### What you are asked to do:
Repeat every record below exactly, but leave out any pictures.

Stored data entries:
'''
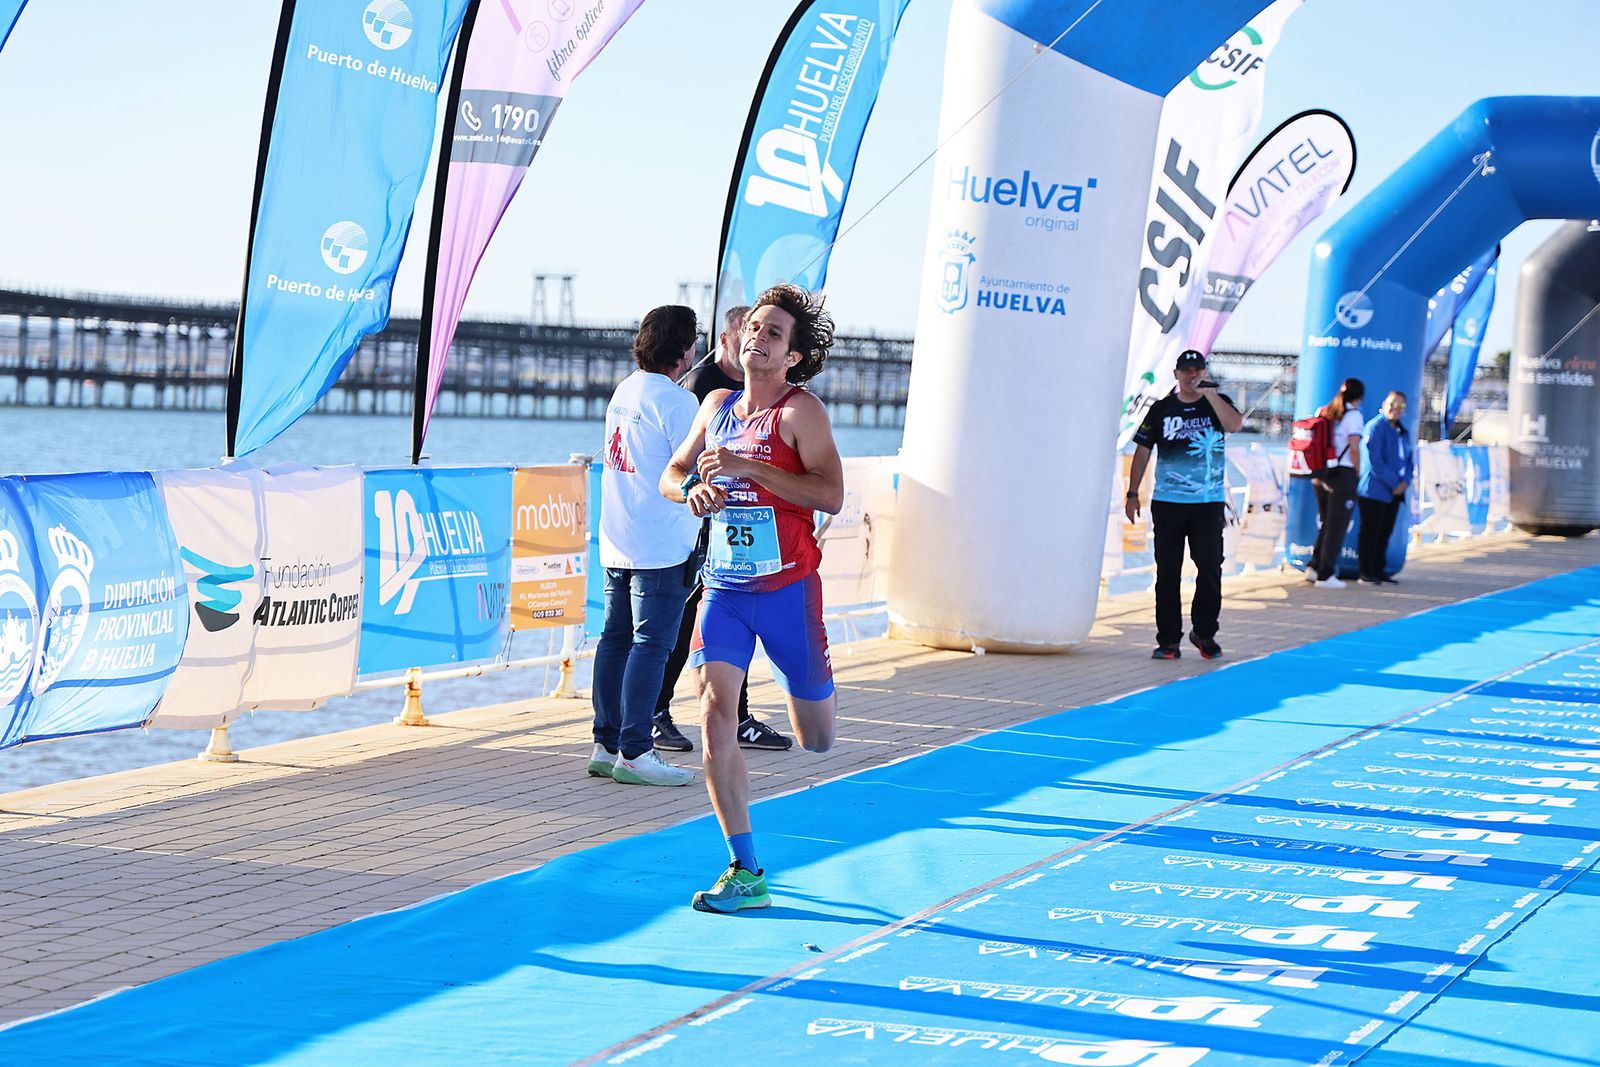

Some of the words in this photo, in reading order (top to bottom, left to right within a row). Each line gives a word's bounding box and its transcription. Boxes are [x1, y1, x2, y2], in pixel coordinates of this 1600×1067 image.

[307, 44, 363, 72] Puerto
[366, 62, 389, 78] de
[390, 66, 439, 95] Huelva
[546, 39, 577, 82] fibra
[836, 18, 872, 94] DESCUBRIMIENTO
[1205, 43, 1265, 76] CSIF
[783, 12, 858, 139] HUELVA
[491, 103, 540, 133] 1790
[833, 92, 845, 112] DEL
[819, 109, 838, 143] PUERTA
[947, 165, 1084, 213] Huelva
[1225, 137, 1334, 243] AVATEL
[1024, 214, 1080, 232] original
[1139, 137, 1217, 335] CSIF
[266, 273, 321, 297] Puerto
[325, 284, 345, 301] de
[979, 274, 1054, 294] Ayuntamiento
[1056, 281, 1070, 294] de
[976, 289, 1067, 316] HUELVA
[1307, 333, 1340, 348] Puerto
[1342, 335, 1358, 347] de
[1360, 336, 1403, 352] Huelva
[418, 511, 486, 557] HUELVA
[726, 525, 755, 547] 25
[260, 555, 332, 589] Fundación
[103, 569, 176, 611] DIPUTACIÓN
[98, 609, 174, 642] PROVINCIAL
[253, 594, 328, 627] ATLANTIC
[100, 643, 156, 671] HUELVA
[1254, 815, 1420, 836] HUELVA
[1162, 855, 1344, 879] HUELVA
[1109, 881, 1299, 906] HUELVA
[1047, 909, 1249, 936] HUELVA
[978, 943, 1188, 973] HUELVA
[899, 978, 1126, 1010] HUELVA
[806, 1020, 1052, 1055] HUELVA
'''
### Result:
Some of the words in this photo, in reading order (top to bottom, left to right within a row). Each line gives a word's bounding box and its transcription. Boxes are [x1, y1, x2, y2], in pixel coordinates of this 1600×1067 image.

[307, 44, 363, 72] Puerto
[366, 62, 389, 78] de
[390, 66, 439, 95] Huelva
[546, 39, 577, 82] fibra
[836, 18, 872, 94] DESCUBRIMIENTO
[1205, 43, 1265, 76] CSIF
[783, 12, 858, 139] HUELVA
[491, 103, 540, 133] 1790
[833, 92, 845, 112] DEL
[819, 109, 838, 143] PUERTA
[947, 165, 1084, 213] Huelva
[1225, 137, 1334, 243] AVATEL
[1024, 214, 1080, 232] original
[1139, 137, 1217, 335] CSIF
[266, 273, 321, 297] Puerto
[325, 284, 345, 301] de
[979, 274, 1054, 294] Ayuntamiento
[1056, 281, 1070, 294] de
[976, 289, 1067, 316] HUELVA
[1307, 333, 1340, 348] Puerto
[1342, 335, 1358, 347] de
[1360, 336, 1403, 352] Huelva
[418, 511, 486, 557] HUELVA
[726, 525, 755, 547] 25
[260, 555, 332, 589] Fundación
[103, 569, 176, 611] DIPUTACIÓN
[98, 609, 174, 642] PROVINCIAL
[253, 594, 328, 627] ATLANTIC
[100, 643, 156, 671] HUELVA
[1254, 815, 1420, 836] HUELVA
[1162, 855, 1344, 879] HUELVA
[1109, 881, 1299, 906] HUELVA
[1047, 909, 1249, 936] HUELVA
[978, 943, 1188, 973] HUELVA
[899, 978, 1126, 1010] HUELVA
[806, 1020, 1052, 1055] HUELVA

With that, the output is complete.